> [The records]
= = = =

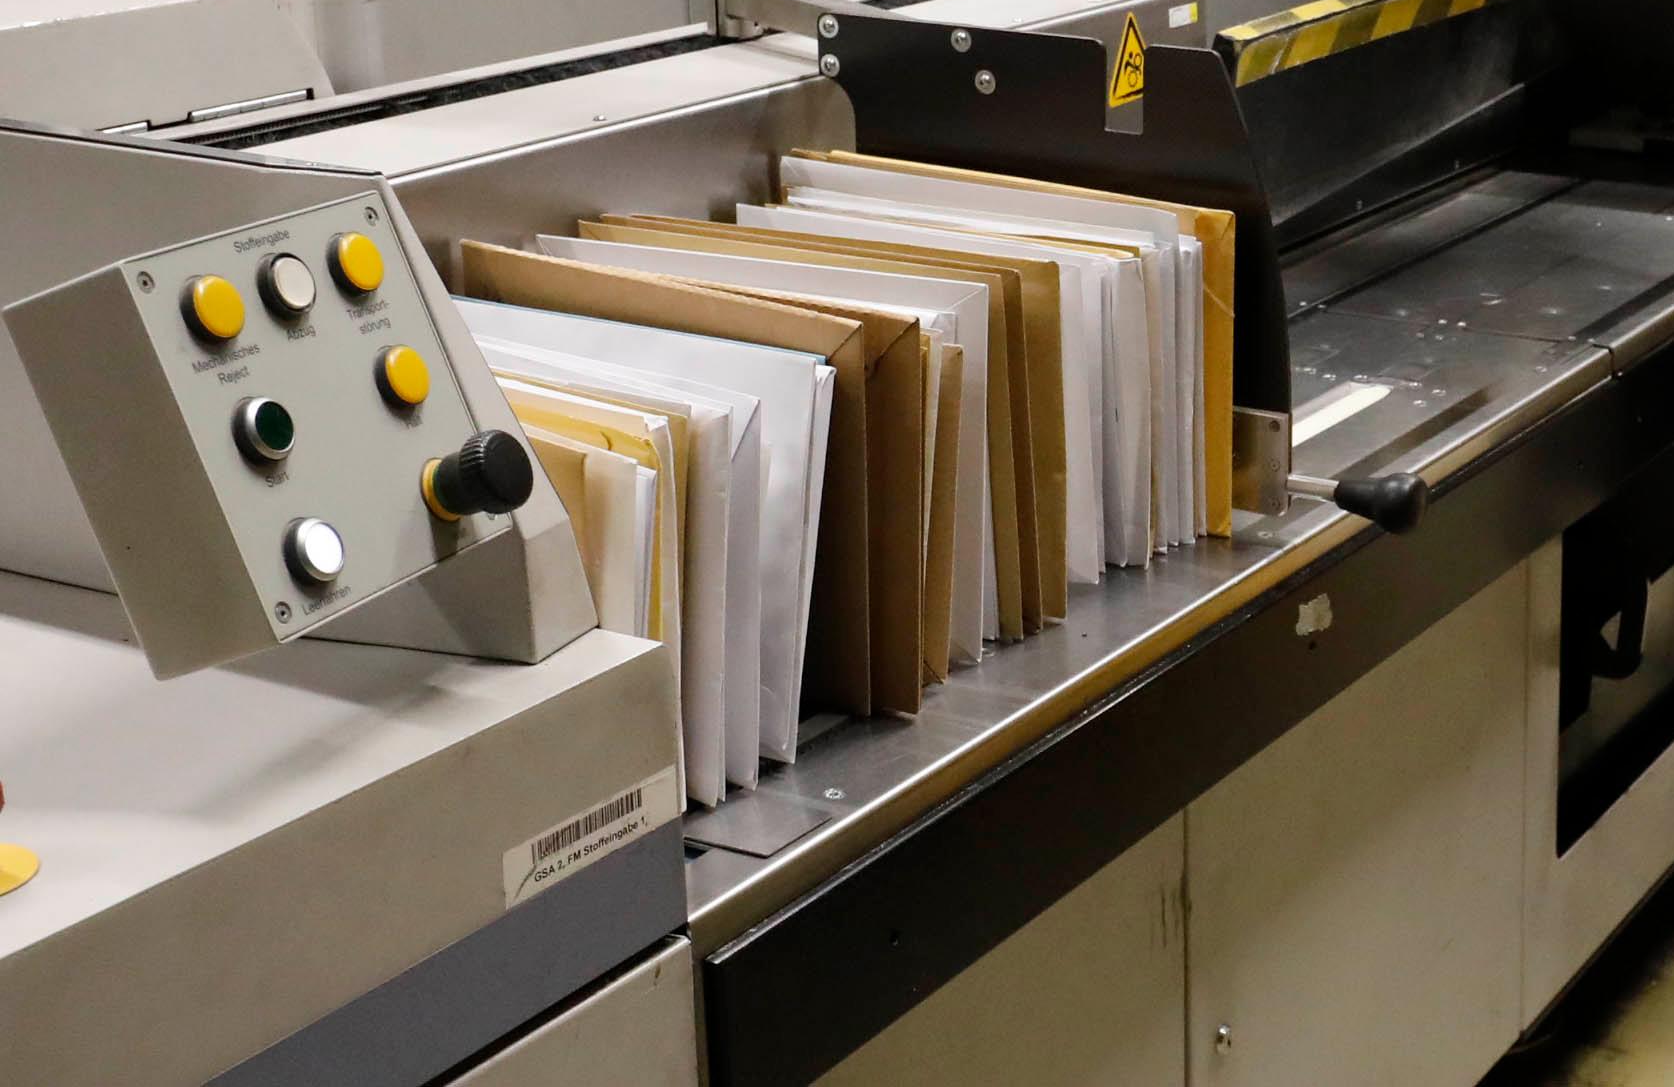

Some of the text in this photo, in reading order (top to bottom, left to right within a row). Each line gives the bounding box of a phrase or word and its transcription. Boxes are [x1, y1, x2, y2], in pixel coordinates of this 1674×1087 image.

[233, 229, 291, 253] Stoffeingabe
[286, 325, 317, 342] Abzug
[192, 342, 261, 374] Mechanisches
[216, 365, 250, 385] Reject
[264, 470, 290, 488] Start
[534, 864, 556, 882] GSA
[567, 851, 582, 865] FM
[583, 821, 639, 856] Stoffeingabe

= = = =

Your answer must be the full listing, reproduced word for word, without its pictures.

Some of the text in this photo, in reading order (top to bottom, left to right within a row). Each line gives the bounding box of a phrase or word and its transcription. Boxes are [x1, y1, x2, y2], in pixel coordinates of this 1674×1087 image.

[233, 229, 291, 253] Stoffeingabe
[286, 325, 317, 342] Abzug
[192, 342, 261, 374] Mechanisches
[216, 365, 250, 385] Reject
[264, 470, 290, 488] Start
[534, 864, 556, 882] GSA
[567, 851, 582, 865] FM
[583, 821, 639, 856] Stoffeingabe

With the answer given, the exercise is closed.